» **Problem to work on**: "this 1080×1755 image." appears in one line of the records below. Output that line and each one after it, exactly, through the last line.

Dataset entries:
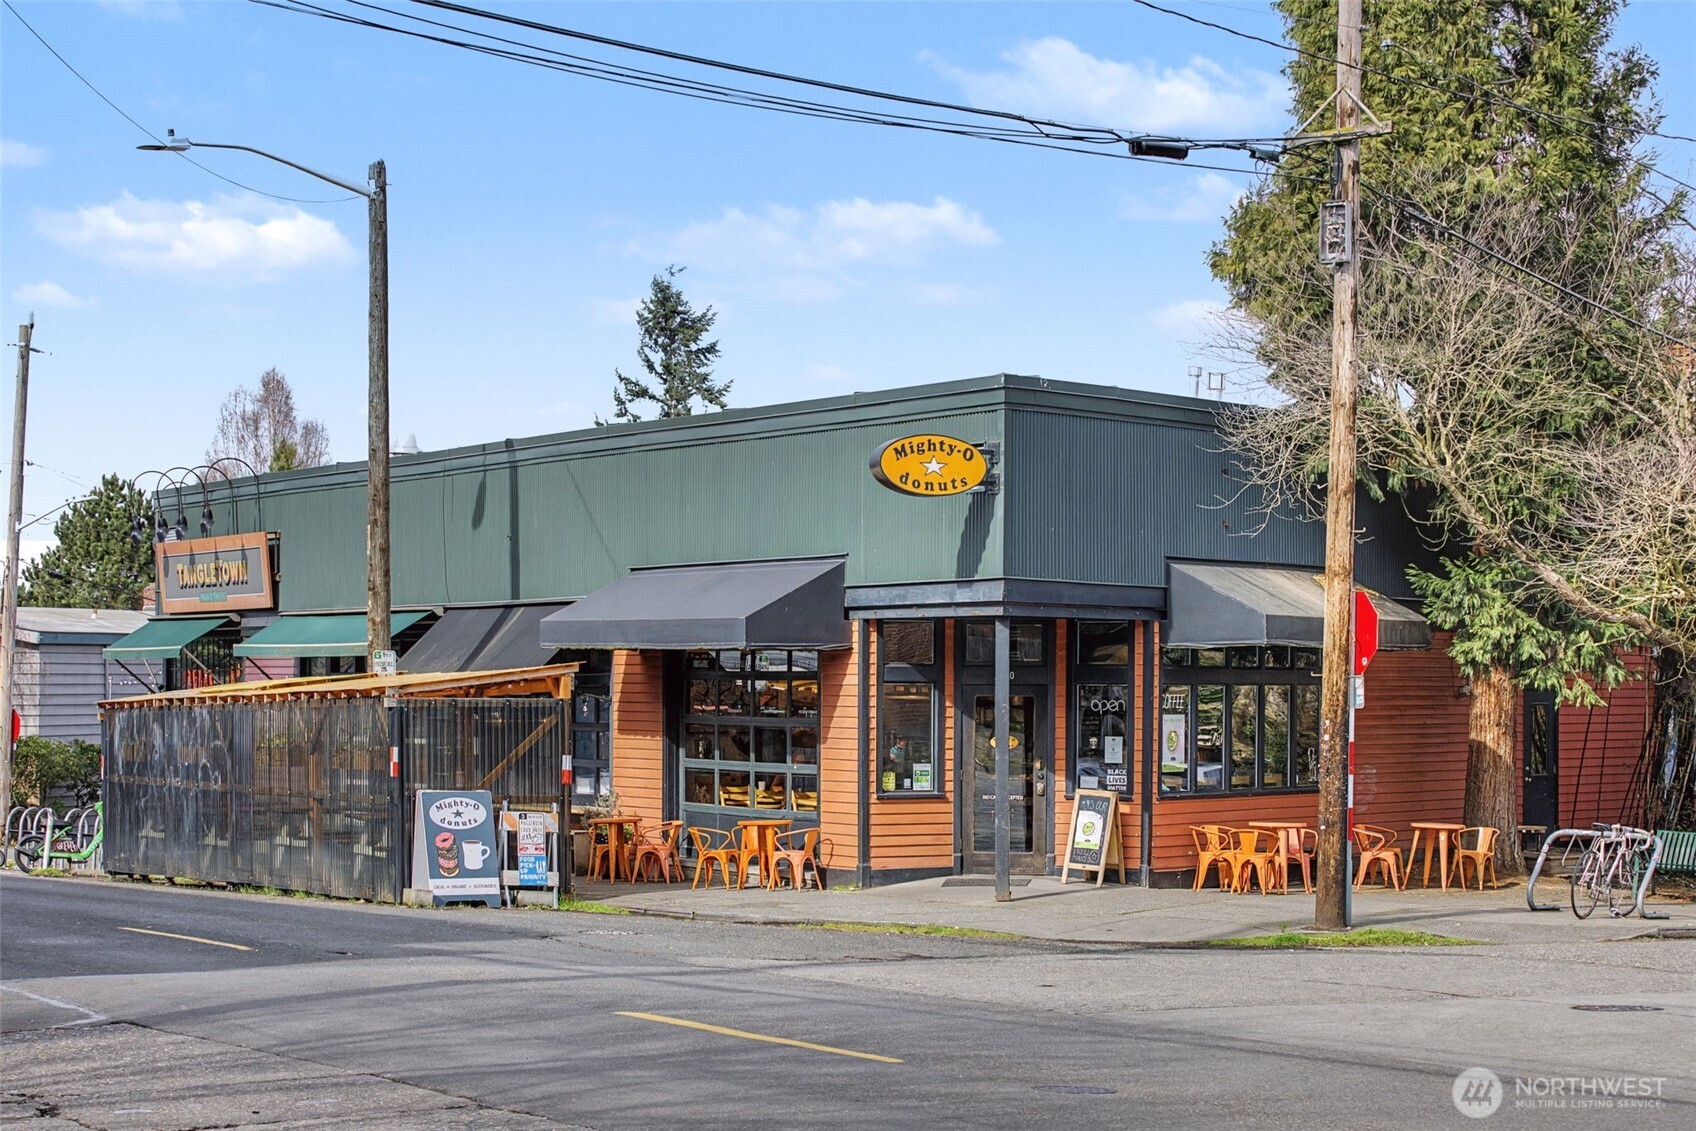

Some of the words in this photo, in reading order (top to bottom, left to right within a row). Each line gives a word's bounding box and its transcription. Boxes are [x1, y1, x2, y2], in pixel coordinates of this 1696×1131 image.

[893, 438, 975, 462] Mighty-O
[899, 472, 968, 491] donuts
[1091, 699, 1126, 715] open
[435, 799, 480, 813] Mighty-O
[440, 817, 478, 827] donuts
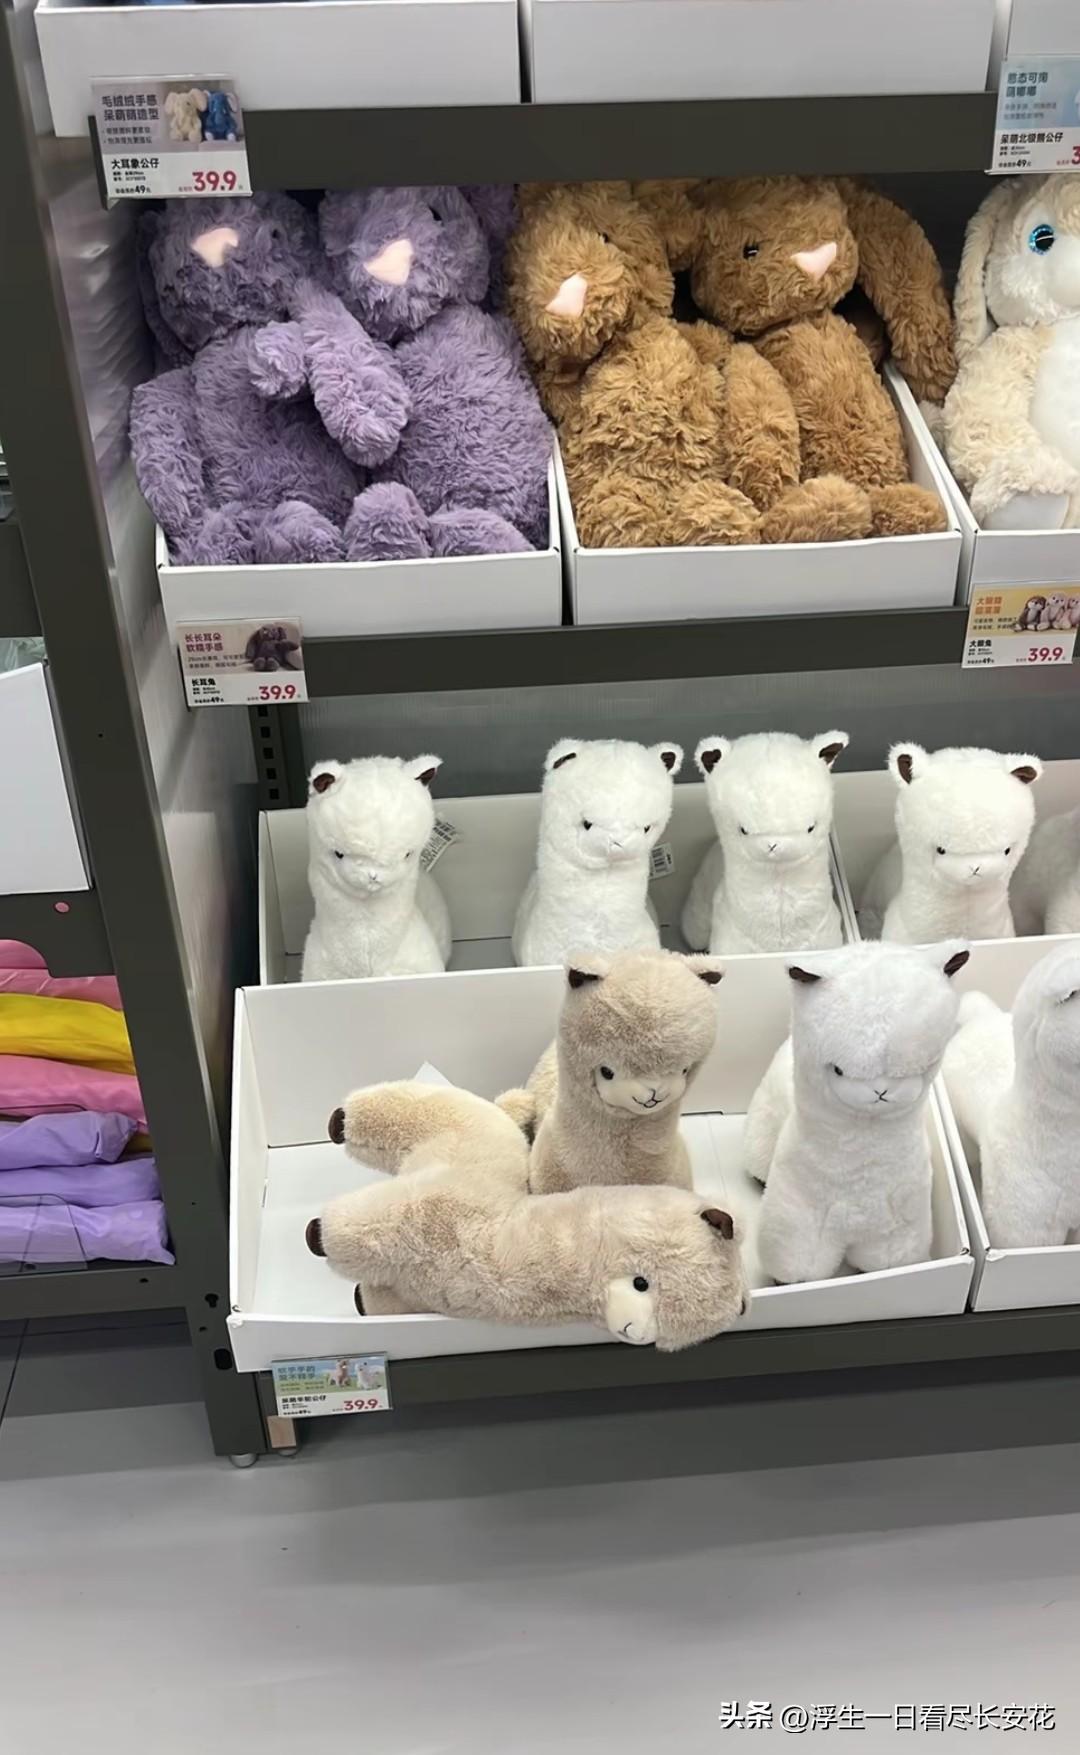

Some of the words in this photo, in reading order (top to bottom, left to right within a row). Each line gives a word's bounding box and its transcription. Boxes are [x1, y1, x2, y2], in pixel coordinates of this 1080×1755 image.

[102, 94, 158, 107] 毛绒绒手感
[104, 108, 160, 121] 呆萌萌造型
[111, 158, 159, 170] 大耳象公仔
[192, 170, 237, 192] 39.9
[185, 632, 222, 642] 长长耳朵
[969, 639, 993, 648] 大眼兔
[186, 643, 223, 652] 软糯手感
[1028, 647, 1063, 662] 39.9
[191, 678, 217, 687] 长耳兔
[258, 684, 296, 700] 39.9
[343, 1398, 379, 1412] 39.9

» **Output**:
Some of the words in this photo, in reading order (top to bottom, left to right within a row). Each line gives a word's bounding box and its transcription. Boxes are [x1, y1, x2, y2], in pixel coordinates of this 1080×1755 image.

[102, 94, 158, 107] 毛绒绒手感
[104, 108, 160, 121] 呆萌萌造型
[111, 158, 159, 170] 大耳象公仔
[192, 170, 237, 192] 39.9
[185, 632, 222, 642] 长长耳朵
[969, 639, 993, 648] 大眼兔
[186, 643, 223, 652] 软糯手感
[1028, 647, 1063, 662] 39.9
[191, 678, 217, 687] 长耳兔
[258, 684, 296, 700] 39.9
[343, 1398, 379, 1412] 39.9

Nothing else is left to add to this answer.